───── Records supplied ─────

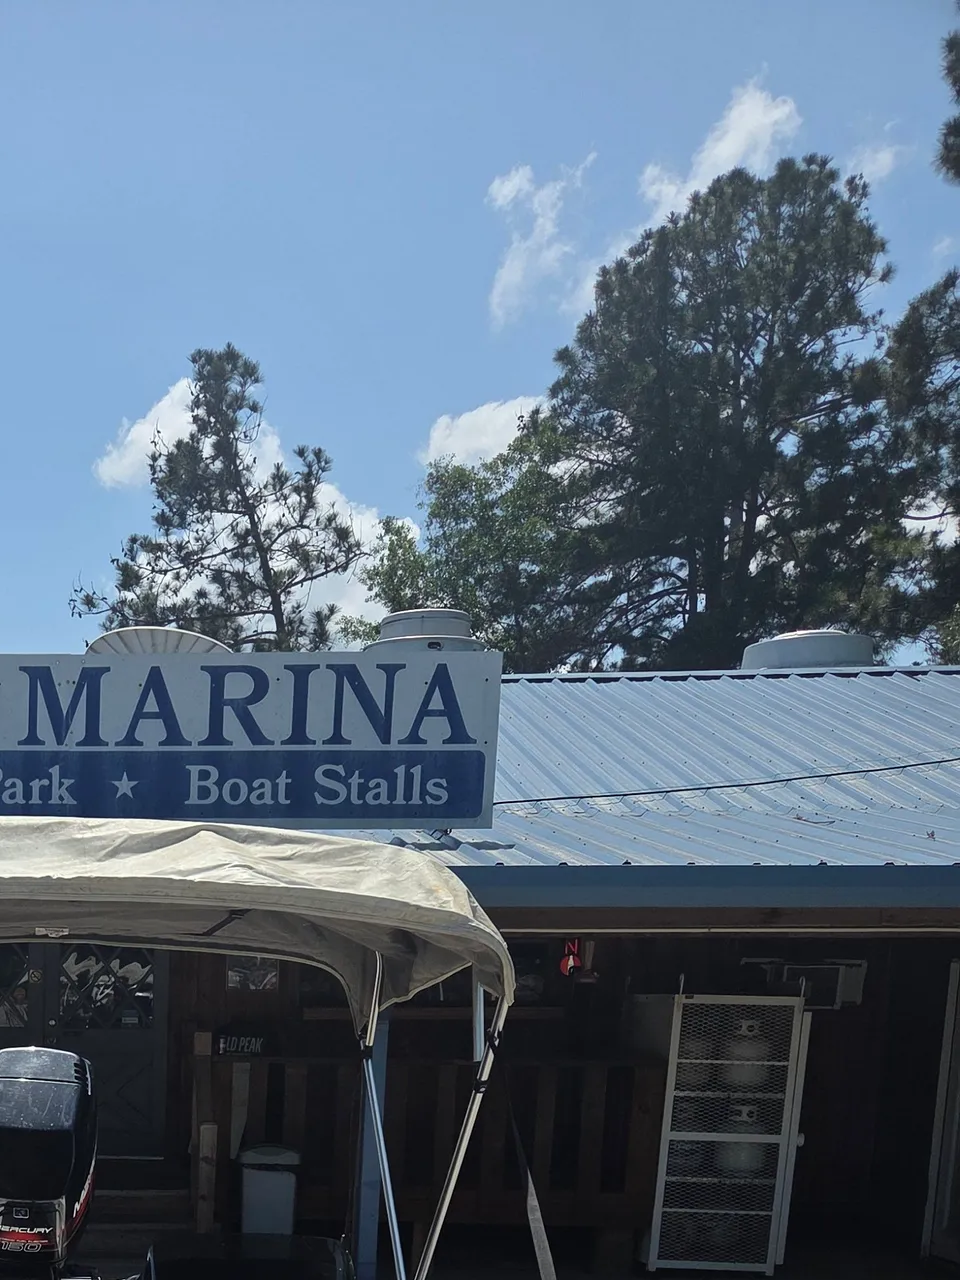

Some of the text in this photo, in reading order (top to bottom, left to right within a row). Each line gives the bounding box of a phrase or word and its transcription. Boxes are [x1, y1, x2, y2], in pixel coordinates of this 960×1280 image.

[18, 663, 478, 746] MARINA
[185, 765, 292, 805] Boat
[314, 764, 449, 805] Stalls
[238, 1036, 264, 1053] PEAK
[1, 1240, 42, 1253] 150

─────

§ Instructions to follow: Restate the entries above word for word, and keep the pictures out.

§ Task answer:
Some of the text in this photo, in reading order (top to bottom, left to right within a row). Each line gives the bounding box of a phrase or word and its transcription. Boxes are [x1, y1, x2, y2], in pixel coordinates of this 960×1280 image.

[18, 663, 478, 746] MARINA
[185, 765, 292, 805] Boat
[314, 764, 449, 805] Stalls
[238, 1036, 264, 1053] PEAK
[1, 1240, 42, 1253] 150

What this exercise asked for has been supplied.